Now American researchers said early data from a study of women with hormone-receptor positive metastatic breast cancer suggests that a drug called sorafenib can reverse this process.
"At first, the tumour's growth is halted because the aromatase inhibitor is depriving the cancer of the oestrogen it needs to grow," says Claudine Isaacs, clinical director of breast cancer programme at Georgetown University Medical Centre's Lombardi Comprehensive Cancer Centre.
"Eventually, though, the cancer will figure out another way to thrive in the absence of the oestrogen."
She and her colleagues are conducting a clinical trial to see if the new approach can destroy the machinery the tumour creates in order to grow without the oestrogen.
They presented results to a breast cancer symposium in the US which showed that of 27 patients studied, 26% benefited from taking both sorafenib and the aromatase inhibitor anastrozole.
She said: "Given what we know about the ineffectiveness of sorafenib alone in metastatic breast cancer, we believe the benefit that we're seeing may be attributable to the restoration of sensitivity to aromatase inhibitors.
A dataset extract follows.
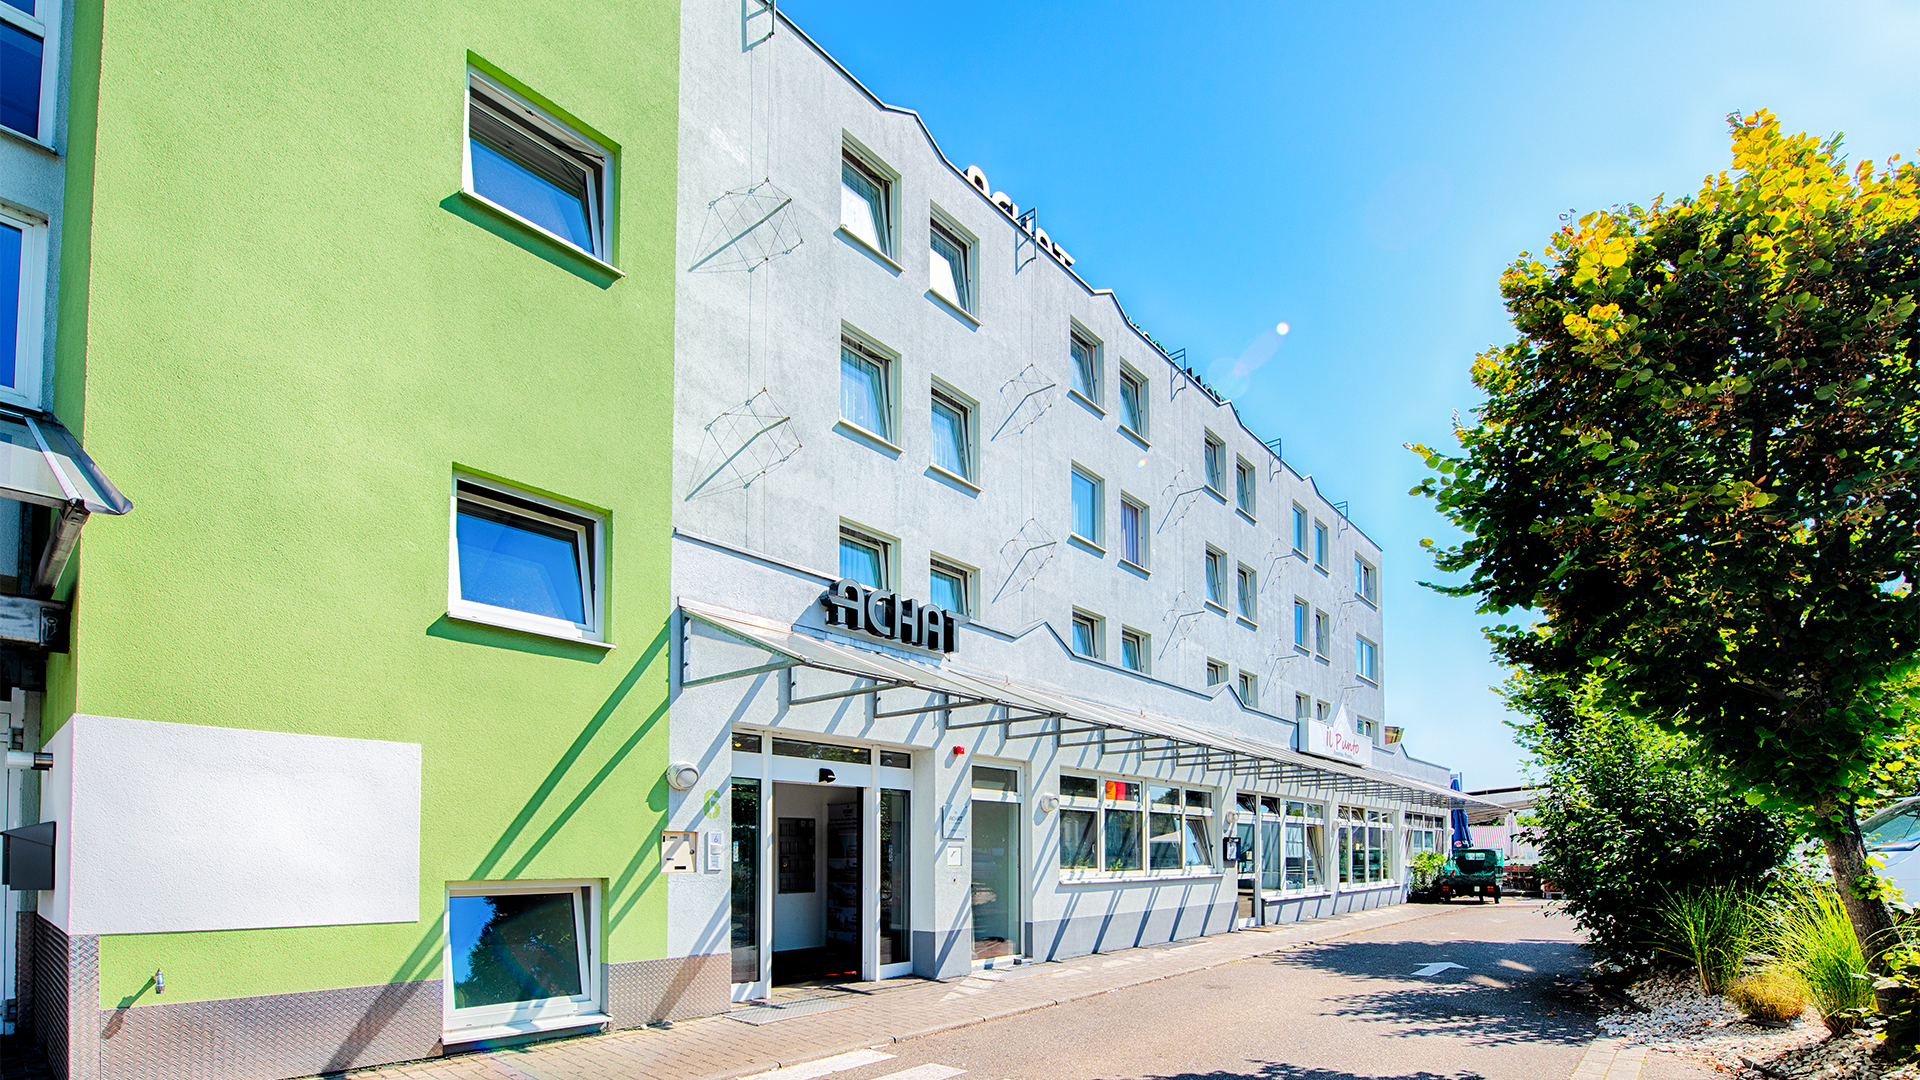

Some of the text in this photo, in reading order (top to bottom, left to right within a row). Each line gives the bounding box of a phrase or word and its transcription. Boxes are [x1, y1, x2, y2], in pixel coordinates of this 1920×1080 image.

[824, 578, 972, 654] ACHAT
[1335, 733, 1360, 755] Punto
[703, 789, 721, 819] 6
"To manage breast cancer long term, it's apparent that we may need to continually switch drugs to keep up with how a cancer evolves and evades each approach. In a sense, for each step back, we hope to take two steps forward."
Dr Sarah Cant, policy manager at breast cancer charity Breakthrough Breast Cancer, said: "Any research to investigate drug resistance is to be welcomed, although this particular study is still at a very early stage. This is a very small trial and more extensive research involving many more patients is needed before we will know whether this treatment is effective in reducing drug resistance."